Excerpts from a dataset
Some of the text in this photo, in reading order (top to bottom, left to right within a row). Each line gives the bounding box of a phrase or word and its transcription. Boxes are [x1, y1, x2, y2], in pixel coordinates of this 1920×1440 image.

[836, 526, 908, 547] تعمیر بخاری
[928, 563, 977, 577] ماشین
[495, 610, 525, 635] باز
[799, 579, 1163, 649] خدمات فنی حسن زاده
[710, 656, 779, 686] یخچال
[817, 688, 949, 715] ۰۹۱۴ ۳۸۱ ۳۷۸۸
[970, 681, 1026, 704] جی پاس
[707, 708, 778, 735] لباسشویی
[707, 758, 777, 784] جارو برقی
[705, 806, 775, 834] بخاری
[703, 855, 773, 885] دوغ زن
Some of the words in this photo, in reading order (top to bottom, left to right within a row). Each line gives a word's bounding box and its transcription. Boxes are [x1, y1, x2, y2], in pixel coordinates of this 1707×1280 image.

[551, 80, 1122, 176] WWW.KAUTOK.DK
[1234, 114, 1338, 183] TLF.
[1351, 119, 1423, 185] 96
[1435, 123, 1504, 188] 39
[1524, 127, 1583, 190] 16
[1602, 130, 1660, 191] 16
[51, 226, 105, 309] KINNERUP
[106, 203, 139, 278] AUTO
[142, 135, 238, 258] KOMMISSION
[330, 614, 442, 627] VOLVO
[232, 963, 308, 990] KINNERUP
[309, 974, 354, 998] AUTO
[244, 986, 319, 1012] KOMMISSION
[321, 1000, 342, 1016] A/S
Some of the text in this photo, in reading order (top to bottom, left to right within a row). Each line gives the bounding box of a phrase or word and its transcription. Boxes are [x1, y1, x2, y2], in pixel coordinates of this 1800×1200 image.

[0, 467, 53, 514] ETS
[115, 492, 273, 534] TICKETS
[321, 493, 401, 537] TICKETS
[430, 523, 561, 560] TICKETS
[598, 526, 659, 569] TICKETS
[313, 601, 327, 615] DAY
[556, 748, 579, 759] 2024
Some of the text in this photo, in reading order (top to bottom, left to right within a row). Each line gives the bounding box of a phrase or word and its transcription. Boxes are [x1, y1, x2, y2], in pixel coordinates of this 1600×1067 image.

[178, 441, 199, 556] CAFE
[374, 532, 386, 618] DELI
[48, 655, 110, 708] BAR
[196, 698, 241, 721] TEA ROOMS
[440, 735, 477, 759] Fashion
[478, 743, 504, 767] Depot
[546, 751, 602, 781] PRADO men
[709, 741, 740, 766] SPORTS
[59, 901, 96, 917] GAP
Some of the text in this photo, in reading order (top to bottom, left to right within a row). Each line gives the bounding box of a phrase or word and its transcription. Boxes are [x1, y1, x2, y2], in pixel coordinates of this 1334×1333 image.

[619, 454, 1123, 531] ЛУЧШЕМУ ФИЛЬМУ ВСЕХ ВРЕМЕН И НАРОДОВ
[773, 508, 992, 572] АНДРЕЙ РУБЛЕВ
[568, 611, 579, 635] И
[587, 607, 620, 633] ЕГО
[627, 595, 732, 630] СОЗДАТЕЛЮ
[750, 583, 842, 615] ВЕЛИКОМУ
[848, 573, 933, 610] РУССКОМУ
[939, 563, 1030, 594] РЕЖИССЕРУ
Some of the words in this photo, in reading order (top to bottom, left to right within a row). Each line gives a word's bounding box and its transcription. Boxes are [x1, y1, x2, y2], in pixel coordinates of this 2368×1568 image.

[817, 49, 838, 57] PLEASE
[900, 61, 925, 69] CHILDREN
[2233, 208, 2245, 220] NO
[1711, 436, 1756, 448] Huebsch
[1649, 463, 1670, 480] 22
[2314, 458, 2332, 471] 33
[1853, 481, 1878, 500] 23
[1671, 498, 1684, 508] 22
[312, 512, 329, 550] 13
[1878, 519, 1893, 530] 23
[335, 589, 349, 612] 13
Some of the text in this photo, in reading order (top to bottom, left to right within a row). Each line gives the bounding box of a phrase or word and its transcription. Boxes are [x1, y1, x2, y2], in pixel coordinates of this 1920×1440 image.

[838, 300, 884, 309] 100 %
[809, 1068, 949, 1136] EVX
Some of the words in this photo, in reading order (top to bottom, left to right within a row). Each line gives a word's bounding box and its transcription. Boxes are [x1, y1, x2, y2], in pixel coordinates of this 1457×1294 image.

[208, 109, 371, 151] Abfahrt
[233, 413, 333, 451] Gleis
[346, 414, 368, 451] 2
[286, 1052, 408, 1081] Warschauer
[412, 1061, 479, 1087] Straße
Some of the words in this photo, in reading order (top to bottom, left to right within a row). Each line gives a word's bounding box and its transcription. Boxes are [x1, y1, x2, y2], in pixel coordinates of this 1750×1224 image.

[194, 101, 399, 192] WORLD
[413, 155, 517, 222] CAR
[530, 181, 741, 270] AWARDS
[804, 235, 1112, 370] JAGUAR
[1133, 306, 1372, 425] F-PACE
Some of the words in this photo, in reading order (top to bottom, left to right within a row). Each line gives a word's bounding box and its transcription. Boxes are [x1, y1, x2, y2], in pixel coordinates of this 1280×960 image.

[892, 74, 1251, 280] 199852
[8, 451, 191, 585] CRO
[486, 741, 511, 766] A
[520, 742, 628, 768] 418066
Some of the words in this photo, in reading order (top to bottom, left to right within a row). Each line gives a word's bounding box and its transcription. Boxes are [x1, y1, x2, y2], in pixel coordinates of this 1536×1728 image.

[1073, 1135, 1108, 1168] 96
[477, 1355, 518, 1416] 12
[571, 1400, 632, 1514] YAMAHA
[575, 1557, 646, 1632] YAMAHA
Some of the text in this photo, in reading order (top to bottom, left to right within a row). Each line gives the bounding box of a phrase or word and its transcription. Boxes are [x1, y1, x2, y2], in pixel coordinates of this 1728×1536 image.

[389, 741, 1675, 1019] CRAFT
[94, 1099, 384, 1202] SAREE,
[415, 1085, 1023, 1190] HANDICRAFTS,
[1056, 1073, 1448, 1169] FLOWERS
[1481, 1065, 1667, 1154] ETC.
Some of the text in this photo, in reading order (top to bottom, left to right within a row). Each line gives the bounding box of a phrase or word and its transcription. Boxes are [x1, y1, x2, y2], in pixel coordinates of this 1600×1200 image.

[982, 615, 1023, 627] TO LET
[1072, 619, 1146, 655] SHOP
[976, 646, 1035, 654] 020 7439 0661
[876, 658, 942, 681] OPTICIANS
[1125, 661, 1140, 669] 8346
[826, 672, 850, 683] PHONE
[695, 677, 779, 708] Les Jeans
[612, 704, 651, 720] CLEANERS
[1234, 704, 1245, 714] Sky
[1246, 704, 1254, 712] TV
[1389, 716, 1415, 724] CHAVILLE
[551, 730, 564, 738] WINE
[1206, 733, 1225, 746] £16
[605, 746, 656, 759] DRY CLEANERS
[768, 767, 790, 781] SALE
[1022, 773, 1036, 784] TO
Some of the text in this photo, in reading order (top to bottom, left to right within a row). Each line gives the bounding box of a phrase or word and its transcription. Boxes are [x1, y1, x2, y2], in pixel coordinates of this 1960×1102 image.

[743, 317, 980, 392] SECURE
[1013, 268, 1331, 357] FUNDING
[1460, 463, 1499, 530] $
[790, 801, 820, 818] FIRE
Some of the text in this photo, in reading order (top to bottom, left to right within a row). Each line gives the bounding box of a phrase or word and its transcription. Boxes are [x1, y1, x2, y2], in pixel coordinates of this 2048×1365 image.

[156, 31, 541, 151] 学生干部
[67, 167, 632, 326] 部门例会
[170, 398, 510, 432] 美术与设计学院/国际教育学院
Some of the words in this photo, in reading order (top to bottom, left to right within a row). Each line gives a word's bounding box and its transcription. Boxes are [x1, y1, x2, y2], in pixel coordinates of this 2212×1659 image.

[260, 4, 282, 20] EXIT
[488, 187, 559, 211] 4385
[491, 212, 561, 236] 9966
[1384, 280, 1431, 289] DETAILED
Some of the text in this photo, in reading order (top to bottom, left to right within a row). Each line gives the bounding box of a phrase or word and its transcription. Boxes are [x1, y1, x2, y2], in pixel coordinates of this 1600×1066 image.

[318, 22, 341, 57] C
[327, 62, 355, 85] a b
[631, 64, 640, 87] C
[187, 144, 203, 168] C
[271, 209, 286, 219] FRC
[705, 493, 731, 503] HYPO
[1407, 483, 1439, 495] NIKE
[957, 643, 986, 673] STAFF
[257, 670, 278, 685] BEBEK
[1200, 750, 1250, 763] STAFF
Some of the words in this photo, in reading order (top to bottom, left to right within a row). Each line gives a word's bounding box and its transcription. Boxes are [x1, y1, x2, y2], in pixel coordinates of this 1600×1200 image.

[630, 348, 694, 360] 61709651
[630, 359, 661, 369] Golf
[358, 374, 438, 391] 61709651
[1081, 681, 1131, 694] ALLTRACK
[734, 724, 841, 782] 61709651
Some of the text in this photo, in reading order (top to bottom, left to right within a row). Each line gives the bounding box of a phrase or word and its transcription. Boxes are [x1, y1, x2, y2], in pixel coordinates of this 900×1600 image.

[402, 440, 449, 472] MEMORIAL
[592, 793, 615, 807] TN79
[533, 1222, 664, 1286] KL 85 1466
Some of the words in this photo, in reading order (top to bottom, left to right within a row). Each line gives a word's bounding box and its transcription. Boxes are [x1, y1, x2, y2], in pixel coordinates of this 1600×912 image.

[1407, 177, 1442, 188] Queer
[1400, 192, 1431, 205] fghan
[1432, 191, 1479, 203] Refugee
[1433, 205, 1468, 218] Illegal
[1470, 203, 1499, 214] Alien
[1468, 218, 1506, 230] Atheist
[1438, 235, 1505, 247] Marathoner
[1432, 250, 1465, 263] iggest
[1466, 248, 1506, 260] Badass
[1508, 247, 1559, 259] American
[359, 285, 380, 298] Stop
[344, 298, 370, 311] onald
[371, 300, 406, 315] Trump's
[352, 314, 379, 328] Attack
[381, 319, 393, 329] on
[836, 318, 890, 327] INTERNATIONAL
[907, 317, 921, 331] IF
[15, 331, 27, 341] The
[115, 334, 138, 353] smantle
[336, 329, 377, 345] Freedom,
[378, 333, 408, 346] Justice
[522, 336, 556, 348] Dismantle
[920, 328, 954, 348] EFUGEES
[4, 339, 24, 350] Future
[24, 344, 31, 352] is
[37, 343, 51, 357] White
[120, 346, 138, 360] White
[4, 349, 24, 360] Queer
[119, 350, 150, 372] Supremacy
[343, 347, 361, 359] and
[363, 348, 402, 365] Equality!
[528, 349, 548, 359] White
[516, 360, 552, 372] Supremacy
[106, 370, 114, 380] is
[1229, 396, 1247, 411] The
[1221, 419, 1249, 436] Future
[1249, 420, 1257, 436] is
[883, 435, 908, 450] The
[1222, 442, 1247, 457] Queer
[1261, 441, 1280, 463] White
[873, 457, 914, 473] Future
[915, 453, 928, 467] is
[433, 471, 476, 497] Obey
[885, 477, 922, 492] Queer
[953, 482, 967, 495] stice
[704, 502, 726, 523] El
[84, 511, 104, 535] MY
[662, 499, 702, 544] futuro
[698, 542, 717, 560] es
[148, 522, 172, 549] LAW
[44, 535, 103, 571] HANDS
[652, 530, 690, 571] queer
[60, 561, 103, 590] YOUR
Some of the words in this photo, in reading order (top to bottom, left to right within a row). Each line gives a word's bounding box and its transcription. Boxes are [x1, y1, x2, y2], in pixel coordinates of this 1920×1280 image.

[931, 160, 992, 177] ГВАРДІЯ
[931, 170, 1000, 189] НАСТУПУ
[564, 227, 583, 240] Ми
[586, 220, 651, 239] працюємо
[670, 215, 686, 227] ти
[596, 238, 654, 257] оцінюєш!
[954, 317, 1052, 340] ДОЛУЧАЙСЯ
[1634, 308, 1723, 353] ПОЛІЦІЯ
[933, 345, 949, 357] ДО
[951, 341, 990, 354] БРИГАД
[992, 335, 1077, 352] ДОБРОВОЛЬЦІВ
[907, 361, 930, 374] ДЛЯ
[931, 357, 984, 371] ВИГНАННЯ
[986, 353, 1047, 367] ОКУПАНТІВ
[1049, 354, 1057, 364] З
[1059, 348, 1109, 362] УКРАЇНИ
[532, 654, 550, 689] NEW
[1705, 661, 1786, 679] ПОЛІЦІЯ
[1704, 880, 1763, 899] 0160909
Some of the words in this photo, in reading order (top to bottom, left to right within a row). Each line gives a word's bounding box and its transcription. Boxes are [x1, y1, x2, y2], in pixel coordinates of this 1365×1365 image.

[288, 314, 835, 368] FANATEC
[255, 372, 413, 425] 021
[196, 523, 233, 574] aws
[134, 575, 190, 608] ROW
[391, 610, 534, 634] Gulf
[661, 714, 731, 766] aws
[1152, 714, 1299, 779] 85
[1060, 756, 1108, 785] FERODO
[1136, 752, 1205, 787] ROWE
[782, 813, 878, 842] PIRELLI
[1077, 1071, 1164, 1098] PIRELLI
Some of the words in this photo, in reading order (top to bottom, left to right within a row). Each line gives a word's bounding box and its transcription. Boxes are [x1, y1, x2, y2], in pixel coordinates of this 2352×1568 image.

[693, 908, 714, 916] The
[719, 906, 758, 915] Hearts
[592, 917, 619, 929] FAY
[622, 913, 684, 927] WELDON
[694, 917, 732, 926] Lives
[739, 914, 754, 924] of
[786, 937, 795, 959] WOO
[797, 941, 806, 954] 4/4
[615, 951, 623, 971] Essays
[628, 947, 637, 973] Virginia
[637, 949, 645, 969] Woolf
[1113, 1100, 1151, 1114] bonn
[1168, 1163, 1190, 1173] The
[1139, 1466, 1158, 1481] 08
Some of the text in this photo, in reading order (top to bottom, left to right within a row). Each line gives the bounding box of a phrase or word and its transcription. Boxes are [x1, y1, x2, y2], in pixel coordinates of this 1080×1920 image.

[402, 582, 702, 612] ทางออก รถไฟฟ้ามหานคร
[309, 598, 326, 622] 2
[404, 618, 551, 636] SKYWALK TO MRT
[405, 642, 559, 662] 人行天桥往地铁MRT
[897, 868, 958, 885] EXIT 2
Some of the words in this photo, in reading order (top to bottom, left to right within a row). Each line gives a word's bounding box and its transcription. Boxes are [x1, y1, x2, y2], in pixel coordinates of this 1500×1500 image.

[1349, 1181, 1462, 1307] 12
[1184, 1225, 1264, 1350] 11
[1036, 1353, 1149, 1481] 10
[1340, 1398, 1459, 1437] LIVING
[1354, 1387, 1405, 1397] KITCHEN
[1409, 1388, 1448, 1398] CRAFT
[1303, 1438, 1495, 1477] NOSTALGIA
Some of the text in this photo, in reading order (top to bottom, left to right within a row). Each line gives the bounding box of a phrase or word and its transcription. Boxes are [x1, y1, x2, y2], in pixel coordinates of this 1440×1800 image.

**TASK ITEM**
Output exactly the lines above, from the one holding "this 1500×1500 image." through the end of the data, including the first and last.

**ANSWER TO THIS PROBLEM**
Some of the words in this photo, in reading order (top to bottom, left to right within a row). Each line gives a word's bounding box and its transcription. Boxes are [x1, y1, x2, y2], in pixel coordinates of this 1500×1500 image.

[1349, 1181, 1462, 1307] 12
[1184, 1225, 1264, 1350] 11
[1036, 1353, 1149, 1481] 10
[1340, 1398, 1459, 1437] LIVING
[1354, 1387, 1405, 1397] KITCHEN
[1409, 1388, 1448, 1398] CRAFT
[1303, 1438, 1495, 1477] NOSTALGIA
Some of the text in this photo, in reading order (top to bottom, left to right within a row). Each line gives the bounding box of a phrase or word and its transcription. Boxes are [x1, y1, x2, y2], in pixel coordinates of this 1440×1800 image.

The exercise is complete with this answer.